2) There is no social value to a general obedience to the law, any more than there is value to a general disobedience to the law. Obedience to bad laws as a way of inculcating some abstract subservience to “the rule of law” can only encourage the already strong tendencies of citizens to bow to the power of authority, to desist from challenging the status quo. To exalt the rule of law as an absolute is the mark of totalitarianism, and it is possible to have an atmosphere of totalitarianism in a society which has many of the attributes of democracy. To urge the right of citizens to disobey unjust laws, and the duty of citizens to disobey dangerous laws, is of the very essence of democracy, which assumes that government and its laws are not sacred, but are instruments, serving certain ends: life, liberty, happiness. The instruments are dispensable. The ends are not.

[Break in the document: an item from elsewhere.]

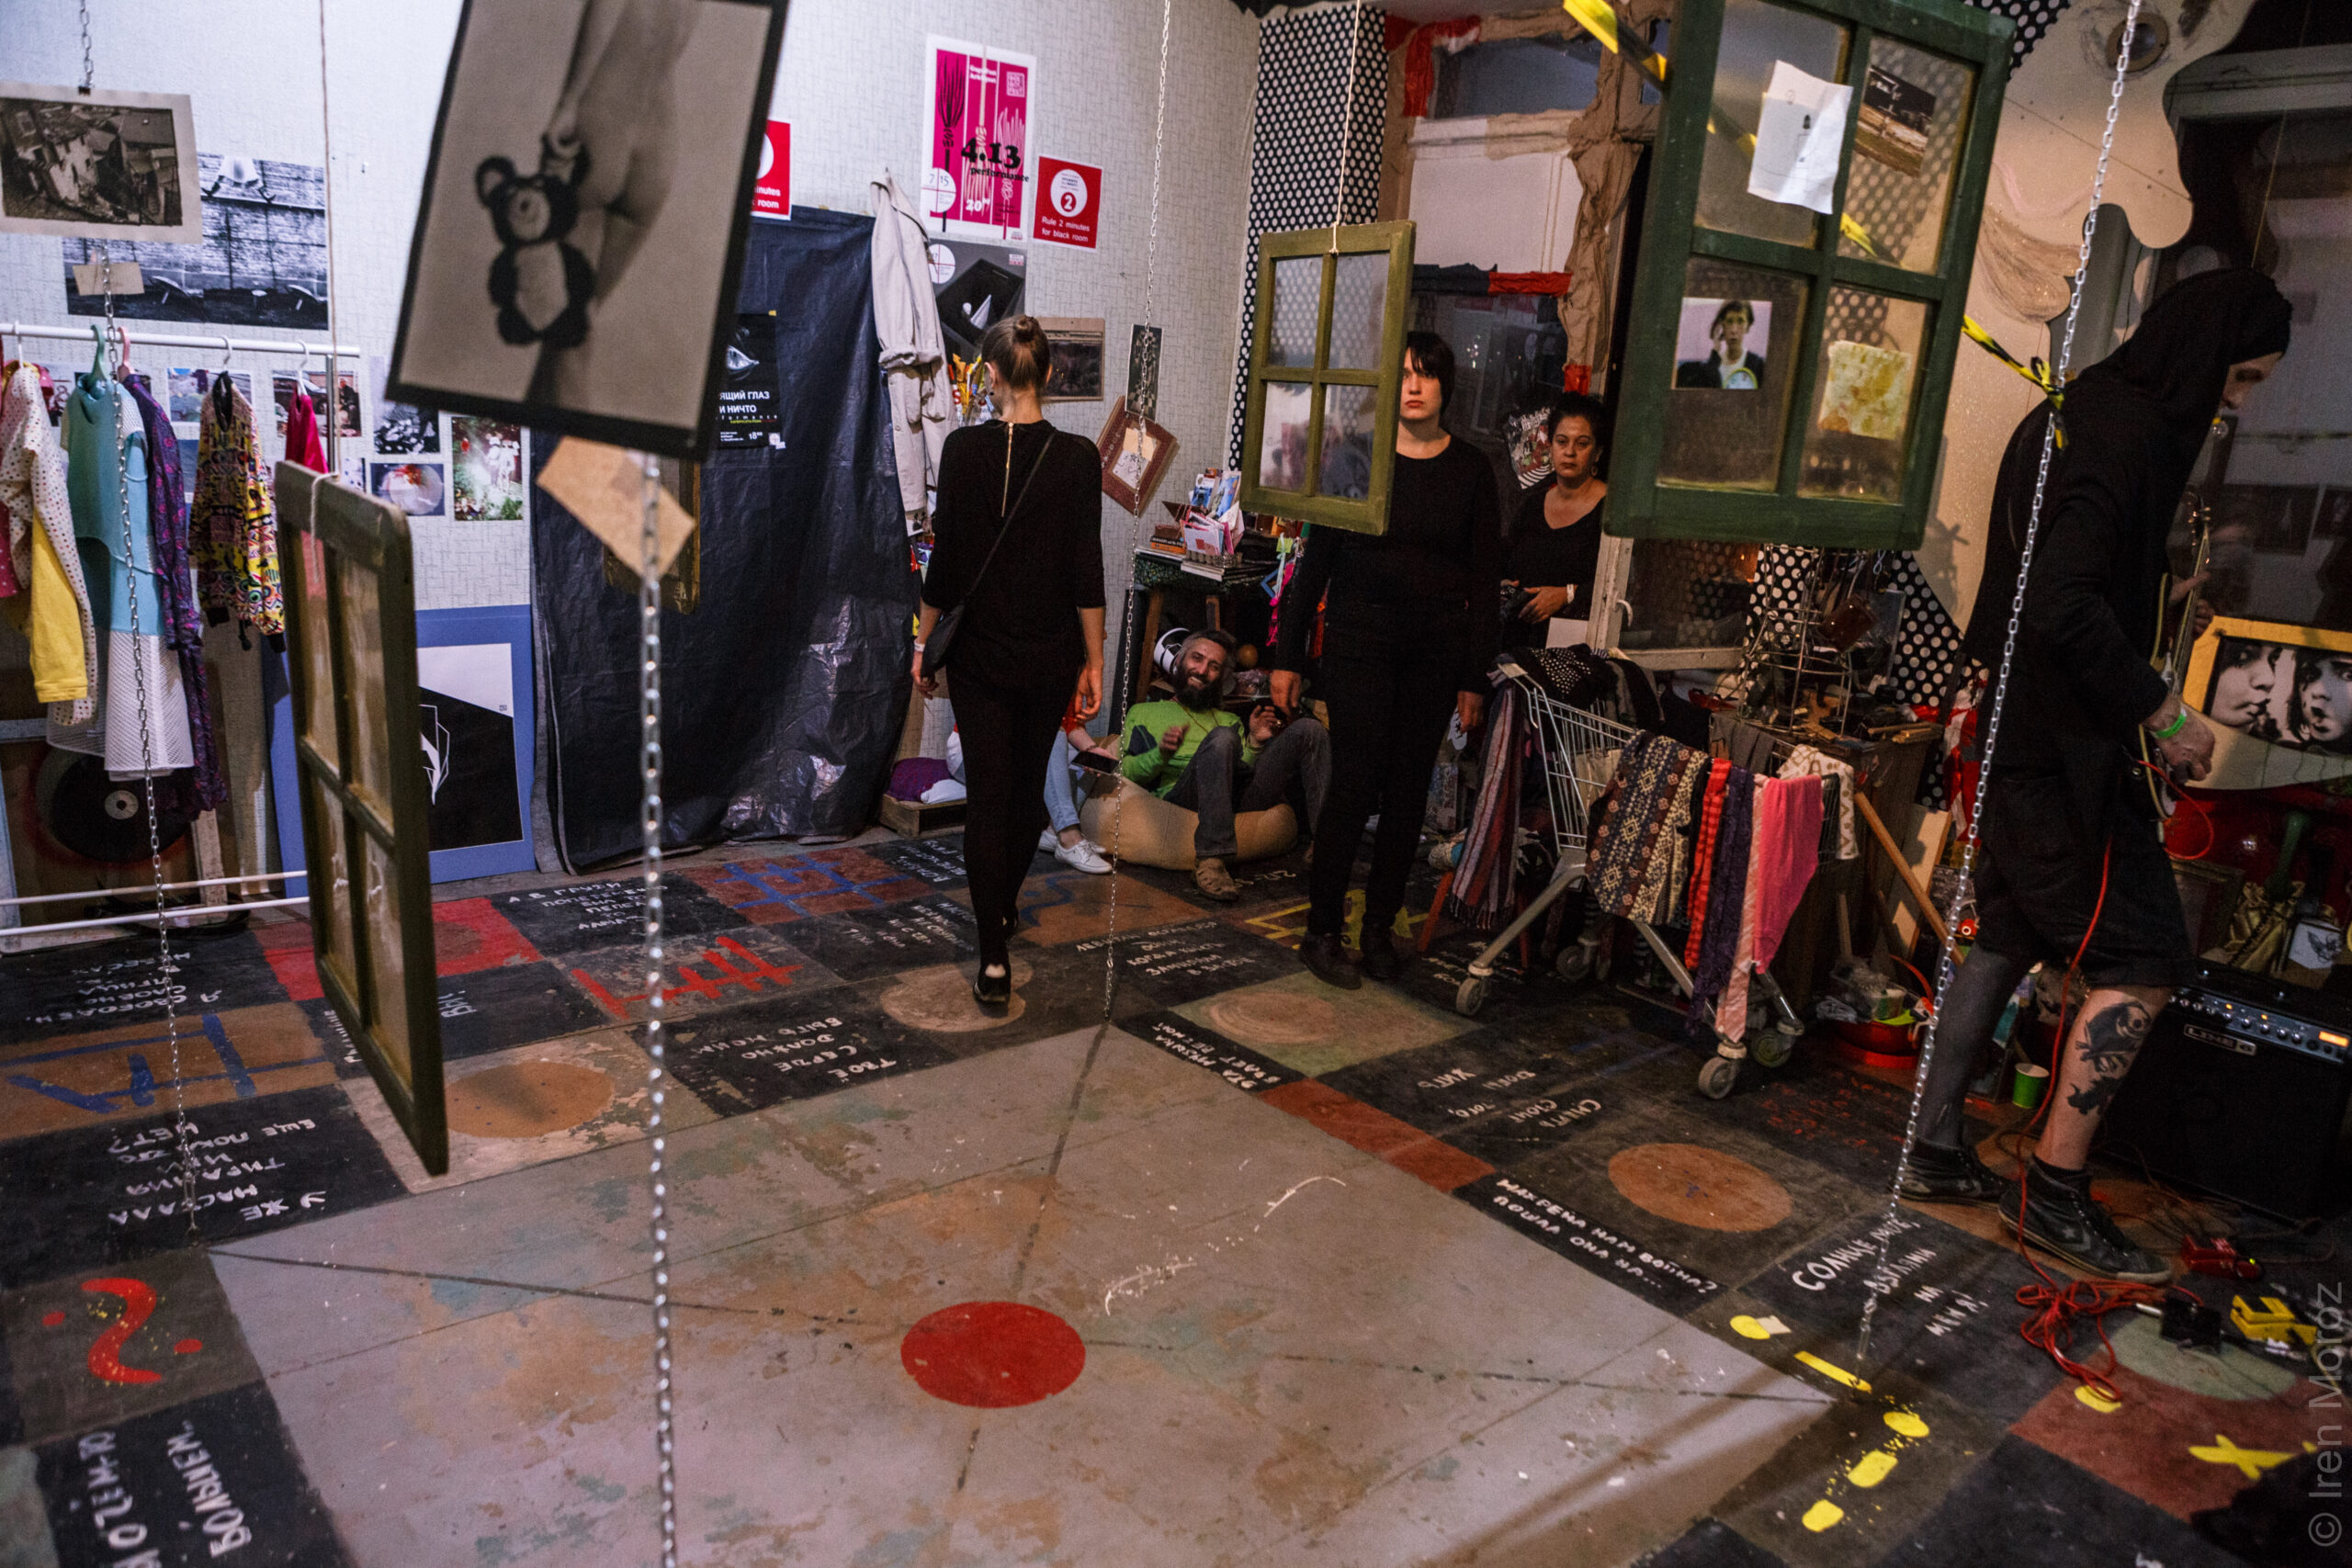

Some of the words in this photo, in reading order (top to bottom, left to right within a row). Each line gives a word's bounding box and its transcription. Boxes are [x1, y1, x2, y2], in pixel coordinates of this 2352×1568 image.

3) Civil disobedience may involve violation of laws which are not in themselves obnoxious, in order to protest on a very important issue. In each case, the importance of the law being violated would need to be measured against the importance of the issue. A traffic law, temporarily broken, is not nearly as important as the life of a child run over by a car; illegal trespass into offices is nowhere as serious as the killing of people in war; the unlawful occupation of a building is not as sinful as racism in education. Since not only specific laws, but general conditions may be unbearable, laws not themselves ordinarily onerous may need to be violated as protest.

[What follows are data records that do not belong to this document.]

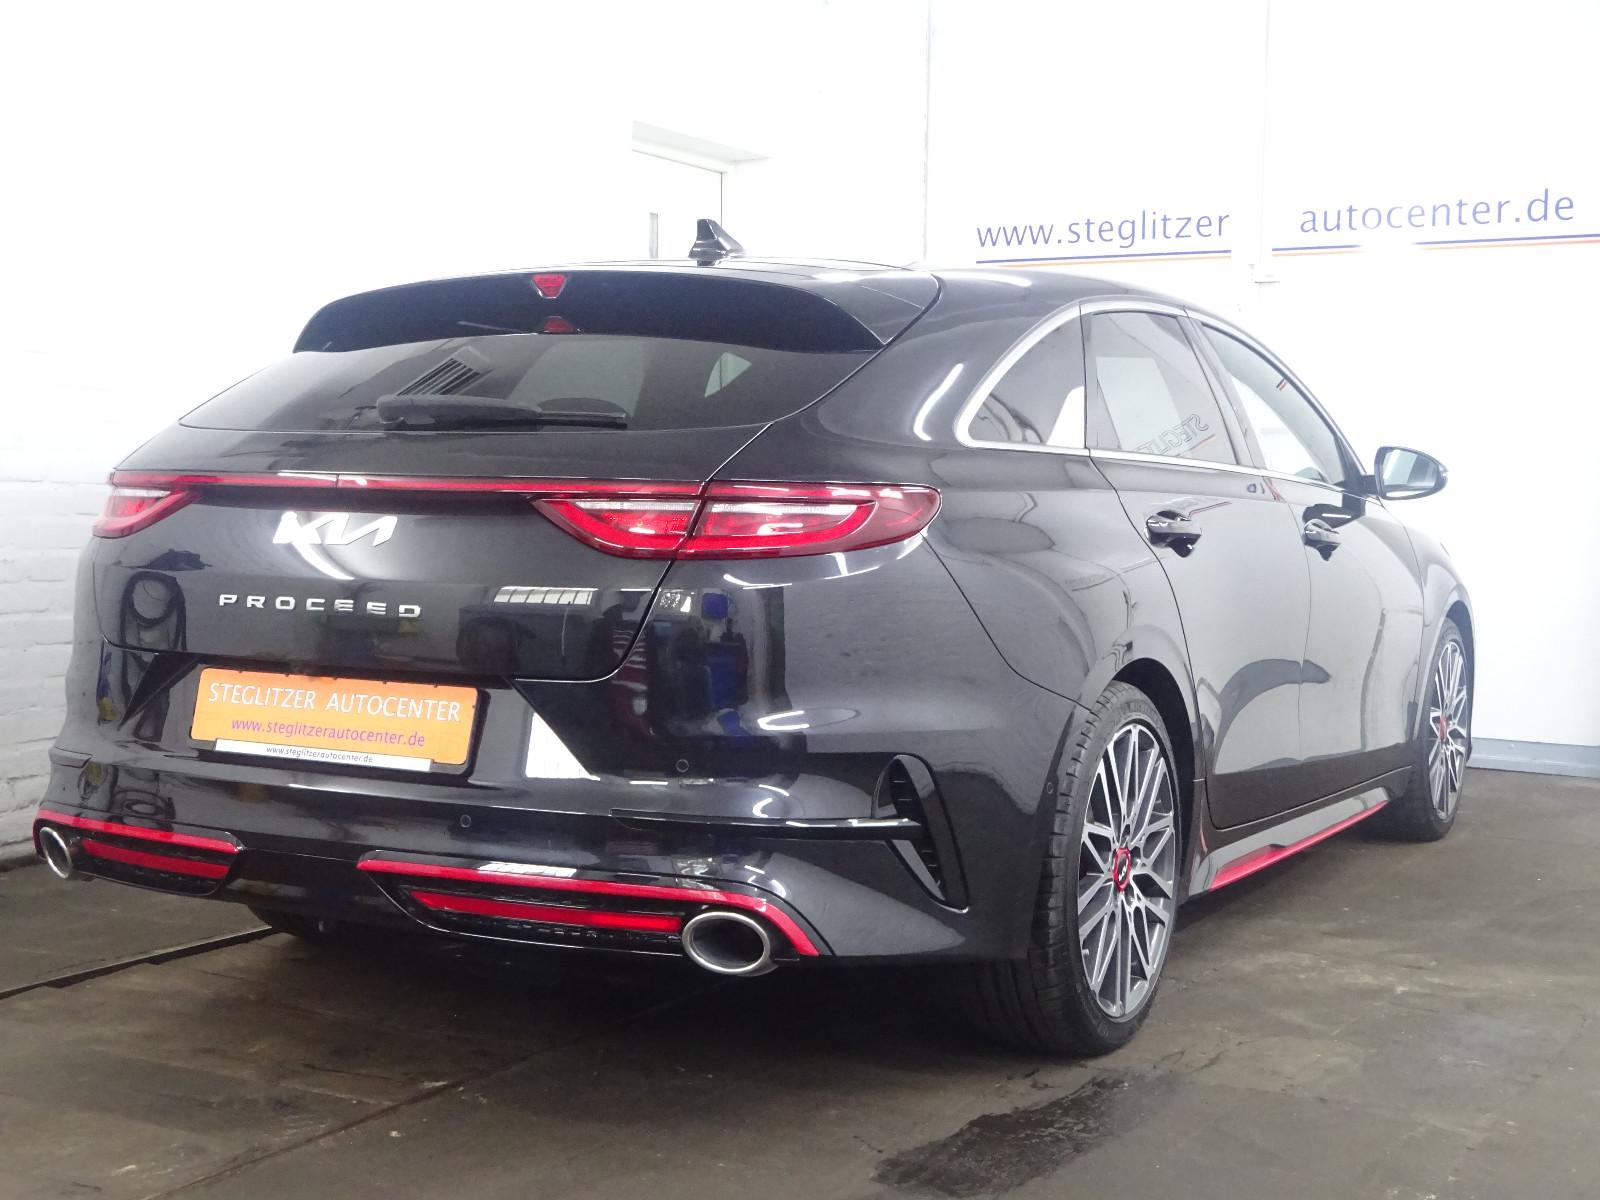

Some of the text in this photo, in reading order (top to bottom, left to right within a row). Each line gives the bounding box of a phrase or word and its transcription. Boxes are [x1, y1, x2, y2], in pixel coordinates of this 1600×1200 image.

[976, 188, 1575, 249] www.steglitzer autocenter.de
[218, 594, 422, 619] PROCEED
[208, 682, 461, 722] STEGLITZER AUTOCENTER
[231, 717, 426, 748] www.steglitzerautocenter.de
[266, 745, 374, 764] www.steglitzerautocenter.de

4) If a specific act of civil disobedience is a morally justifiable act of protest, then the jailing of those engaged in that act is immoral and should be opposed, contested to the very end. The protester need be no more willing to accept the rule of punishment than to accept the rule he broke. There may be many times when protesters choose to go to jail, as a way of continuing their protest, as a way of reminding their countrymen of injustice. But that is different than the notion that they must go to jail as part of a rule connected with civil disobedience. The key point is that the spirit of protest should be maintained all the way, whether it is done by remaining in jail, or by evading it. To accept jail penitently as an accession to “the rules” is to switch suddenly to a spirit of subservience, to demean the seriousness of the protest.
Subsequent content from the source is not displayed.